So I've been trying to prove that $g(x)=x^2$ is integrable on the interval $[2,5]$ using regular partitions and the theorem that a function is integrable if
$$\lim_{n\to\infty}(U(f,P_n)-L(f,P_n)) = 0.$$
This is what I have so far:
Let
$$g:[2,5]\to \mathbb{R},\quad g(x)=x^2,$$
let $P_n=\{x_0, x_1, x_2,...,x_n\}$ be defined by $\Delta x=\frac{b-a}{n}$, $x_k=x_0+k\Delta x$. Set
$$m_k=\inf\{g(x)\,|\,x\in [x_{k-1}, x_k]\}=x_{k-1}^2$$
and
$$M_k=\sup\{g(x)\,|\,x\in [x_{k-1}, x_k]\}=x_k^2.$$
Then
\begin{align*} L(g, P_n) &=\sum_{n=1}^{k} m_k(x_k-x_{k-1}) \\ &=\sum_{n=1}^{k} x_{k-1}^2 \Delta x \\ &= \Delta x \sum_{n=1}^{k} x_{k-1}^2 \\ &= \Delta x \sum_{n=1}^{k} (x_0+(k-1)\Delta x)^2 \\ &= \Delta x\sum_{n=1}^{k} (x_0^2+2x_0\Delta x (k-1) + ((k-1)\Delta x)^2) \\ &= \Delta x\left(nx_0^2+2nx_0\Delta x \sum_{n=1}^{k}(k-1) + \left(n\Delta x\sum_{n=1}^{k}(k-1)\right)^2\right) \\ &= nx_0^2 \frac{3}{n}+2nx_0\frac{9}{n^2}(0+1+2+...+(n-1)) + n\frac{27}{n^3}(0+1+2+...+(n-1))^2 \\ &=3x_0^2+2x_0\frac{9}{n}\frac{n(n-1)}{2} + \frac{27}{n^2}\frac{(n(n-1))^2}{4} \\ &=3x_0^2+x_0{9}(n-1) + \frac{27(n-1)^2}{4} \\ &= 12 + 18(n-1) + \frac{27(n-1)^2}{4}. \end{align*}
Similarly
$$U(f,P_n)=\sum_{n=1}^{k} M_k(x_k-x_{k-1})=12+18(n+1)+\frac{27(n+1)^2}{4}.$$
Then
$$\lim_{n\to\infty}(U(f,P_n)-L(f,P_n)) = \lim_{n\to\infty}\left(12 + 18(n-1) + \frac{27(n-1)^2}{4}-\left(12+18(n+1)+\frac{27(n+1)^2}{4}\right)\right)$$
And this is where I run into issues because then $\lim_{n\to\infty}(U(f,P_n)-L(f,P_n))$ does not equal zero like it is supposed to. I believe I am running into a computational error somewhere, but I can't seem to find it.
Thanks in advance.
The first error is that you have confused $n$ for $k$ at various points: when you say $\sum_{n=0}^k$, I think you mean $\sum_{k=0}^n$.

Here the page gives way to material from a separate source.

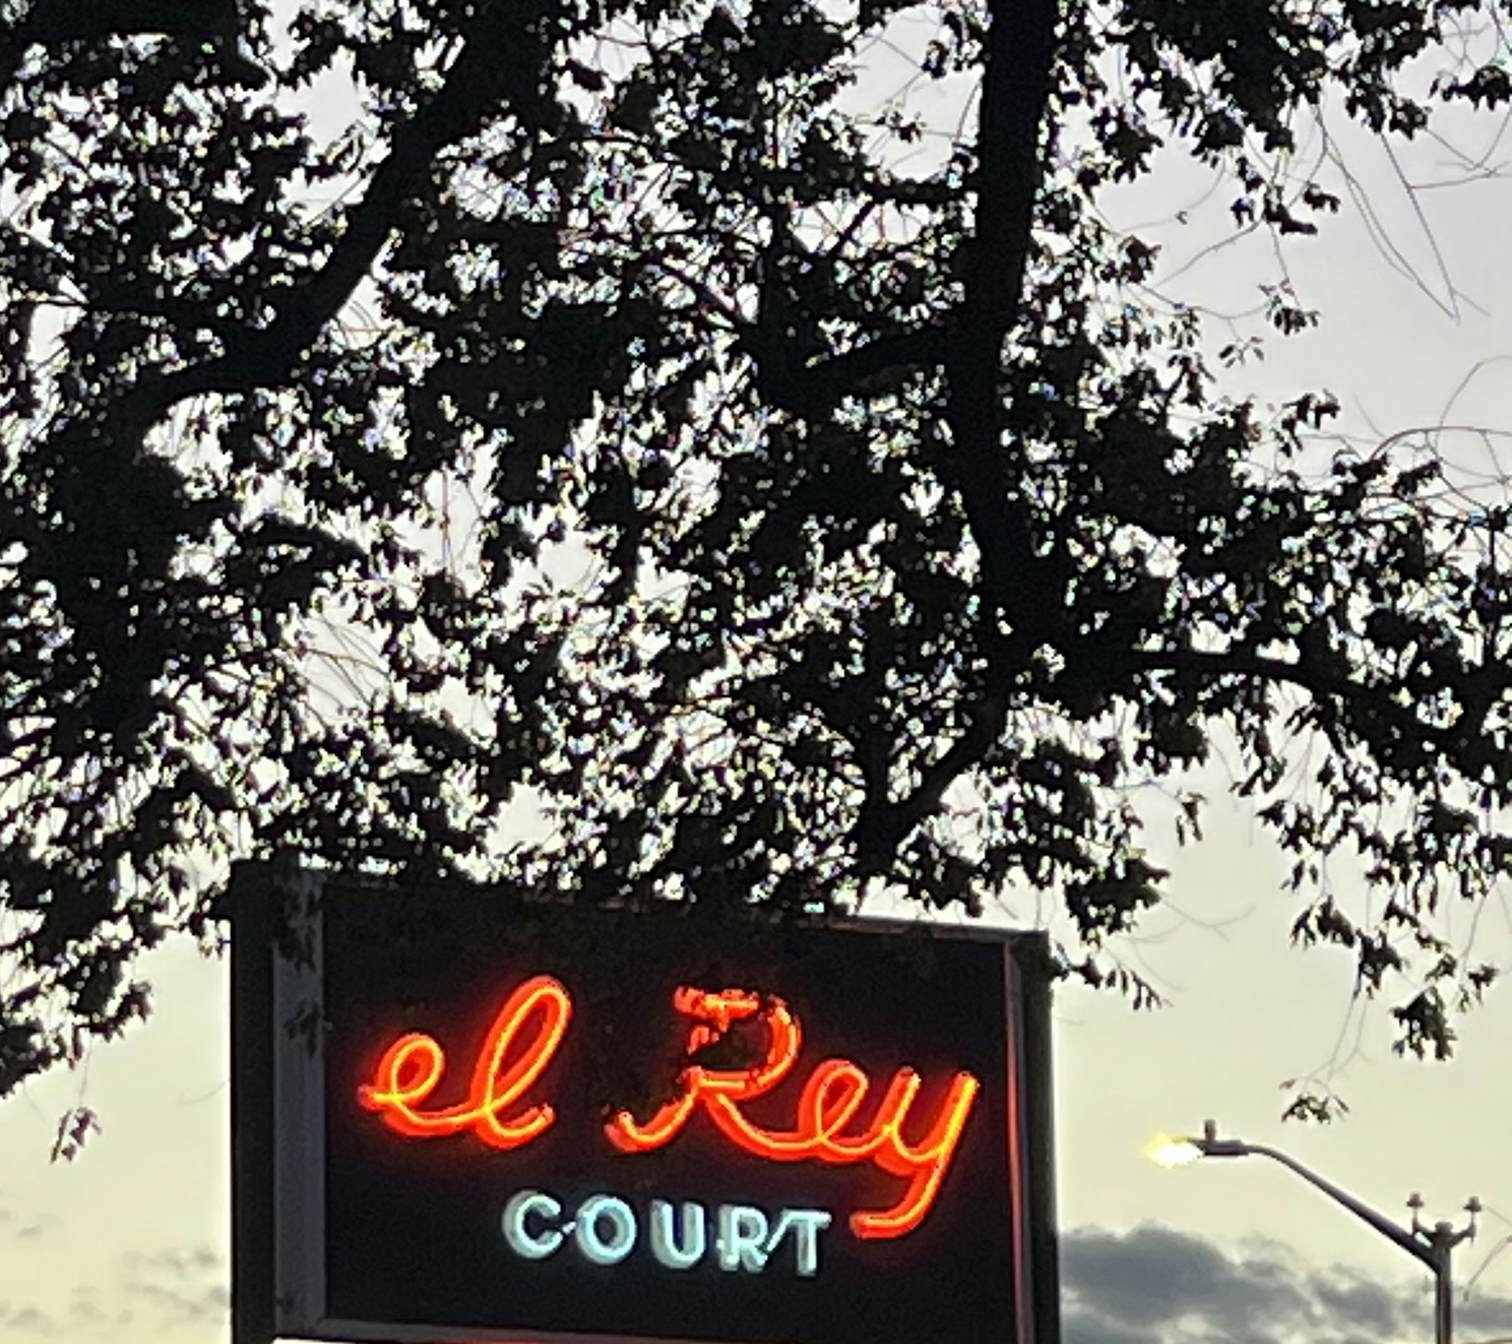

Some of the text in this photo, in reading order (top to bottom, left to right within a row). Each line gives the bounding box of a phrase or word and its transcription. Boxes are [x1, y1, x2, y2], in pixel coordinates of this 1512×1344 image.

[358, 974, 981, 1240] el Rey
[501, 1189, 833, 1277] COURT
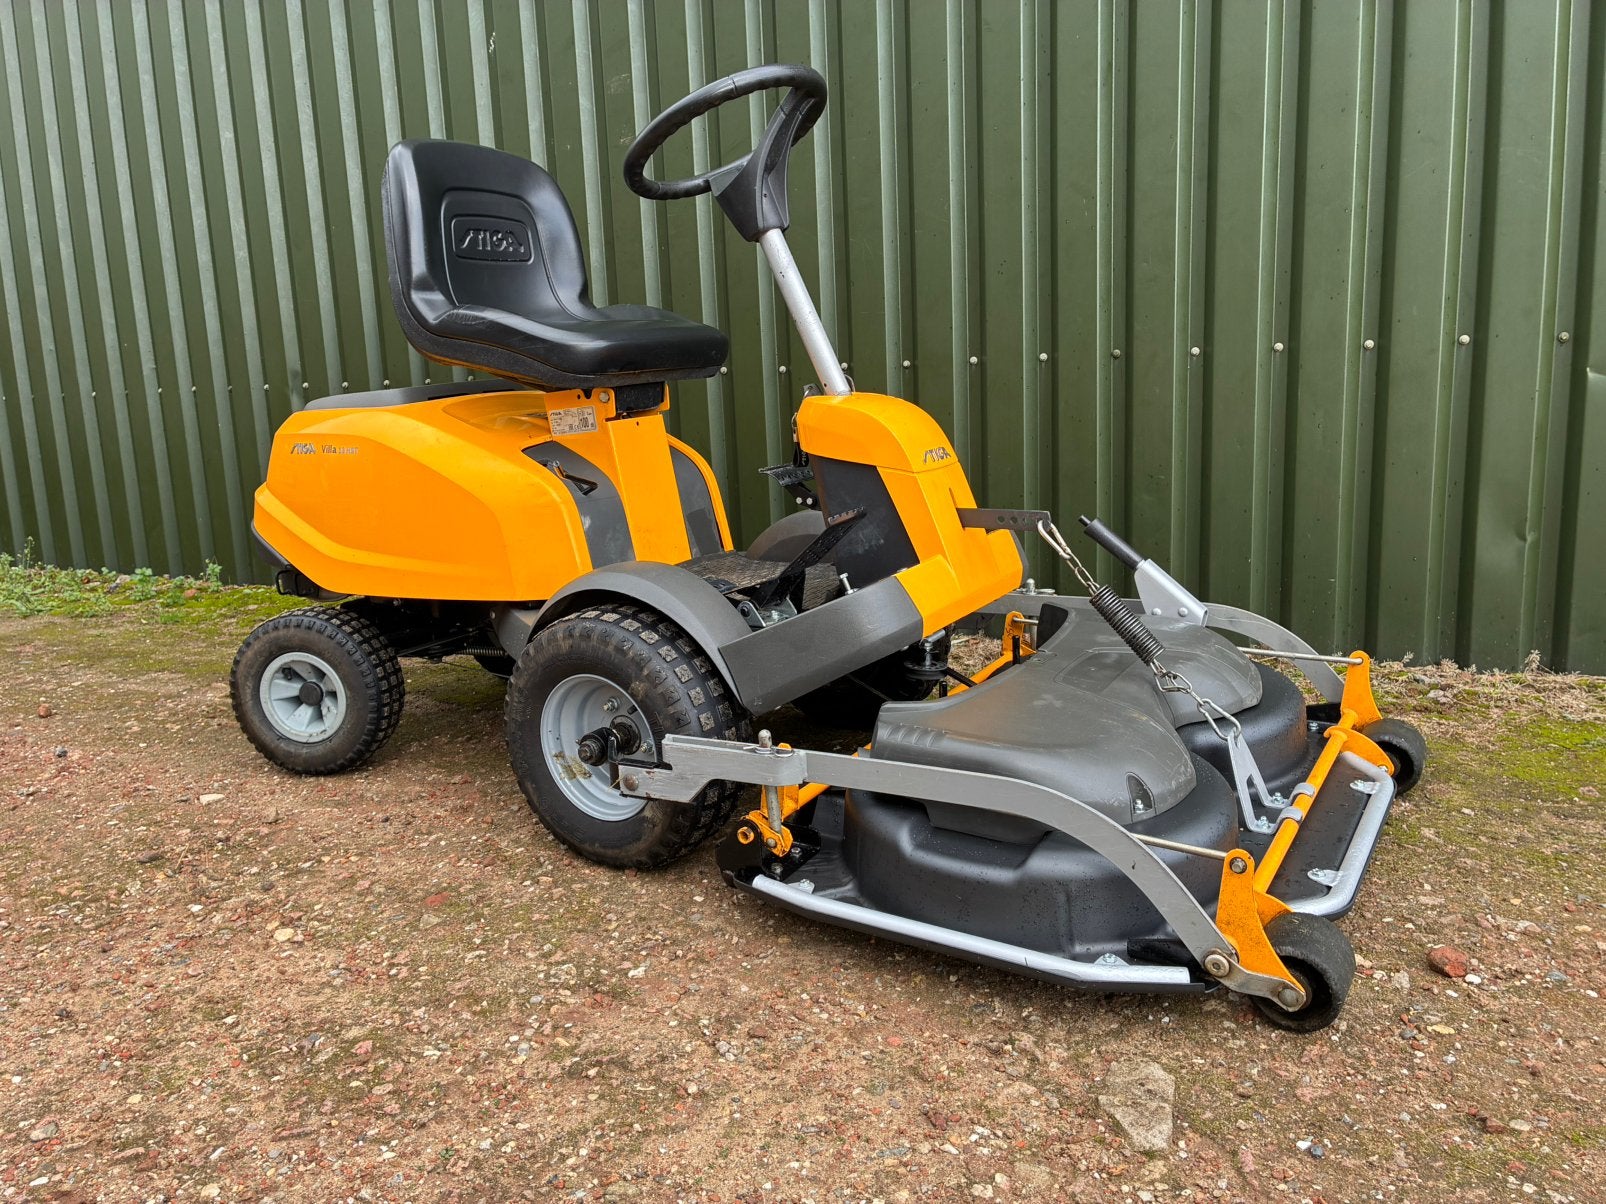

The second error, possibly related, is that you have introduced a factor of $n$ (the sum index) in places where the sum remains e.g. $\sum_{n=1}^k c(k-1)=^?nc\sum_{n=1}^k (k-1)$ for some constant $c$.
The third error is that you have confused $\sum_{i=1}^m i^2=\frac{m(m+1)(2m+1)}{6}$ for $\sum_{i=1}^m i^3=\frac{(m(m+1))^2}{4}$.
I believe it should read:
$$ \begin{align*} L(g, P_n) &=\cdots \\ &= \Delta x\sum_{k=1}^{n} (x_0^2+2x_0\Delta x (k-1) + ((k-1)\Delta x)^2) \\ &= \Delta x\left(nx_0^2+2x_0\Delta x \sum_{k=1}^{n}(k-1) + \left(\Delta x\sum_{k=1}^{n}(k-1)\right)^2\right) \\ &= nx_0^2 \frac{3}{n}+2x_0\frac{9}{n^2}(0+1+2+...+(n-1)) + \frac{27}{n^3}(0+1+2+...+(n-1))^2 \\ &=3x_0^2+2x_0\frac{9}{n^2}\frac{n(n-1)}{2} + \frac{27}{n^3}\frac{(n-1)\times n\times 2n}{6} \\ &=3x_0^2+x_0{9}\frac{n-1}{n} + 9\frac{n-1}{n} \\ &= 12 + 27\frac{n-1}{n}. \end{align*} $$
Indeed, as $n\to\infty$, $L(g,P_n)\to 39$ and $\int_2^5 x^2 dx=39$.
You will need to calculate $U(g,P_n)$ again with this in mind.